「ラベルの表示項目」を解説するコーナー

 表ラベル編 〜
表ラベルの@〜Hについて、毎回一項目取り上げ解説していきます。



▲弊社の表ラベルを元に作成
Eアルコール分の度数
 アルコール分の度数は、15度で酒100ml中にエチルアルコール分が何ml含まれているかを測った値です。アルコール度数専用の浮ひょう(浮きばかり)を使って測定しますが、酒に直接浮かべるのではなく、酒を一度蒸留して、水とアルコールだけにしてから測定します。我が国の法律では、このように測定したアルコール分が1度以上のものを酒類と定義しています。

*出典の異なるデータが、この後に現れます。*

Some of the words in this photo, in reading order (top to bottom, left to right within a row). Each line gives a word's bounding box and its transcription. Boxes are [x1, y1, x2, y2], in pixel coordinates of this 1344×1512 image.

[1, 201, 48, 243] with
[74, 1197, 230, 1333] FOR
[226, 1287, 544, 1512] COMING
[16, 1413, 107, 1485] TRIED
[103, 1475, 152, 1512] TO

 日本酒は世界のどんな酒の中でも、一番アルコール度数の高いお酒です。皆さんの中には「ウイスキーやブランデーの方が アルコール度数は高いんじゃないか?」と思われている方もいると思います。
 ウイスキーやブランデーは、日本酒のような醸造酒(ウイスキーの場合は 大麦を発酵させたビールのようなもの、ブランデーはぶどう酒)を蒸留して、 アルコール度数を人為的に高めています。蒸留する前の発酵液のアルコール度数は10度にも満たないのです。
 一方、日本酒は、出荷するときに加水調整をしてアルコール度数を低めます(基準アルコールが15度以上16度未満)。出来上がったばかりの原酒は何と20度もあり、このアルコール度数は世界のどんな酒と比べても断然1位です。
 では、何故日本酒はそのように高いアルコール度数が出せるのでしょうか。その理由は日本酒を仕込む時、原料である米・麹・水を一度に容器に入れずに3〜4回に分けて行います(段仕込)。これによって糖化と発酵が平行して行われ(平行複発酵)、理想的にアルコールの生成が行われるのです。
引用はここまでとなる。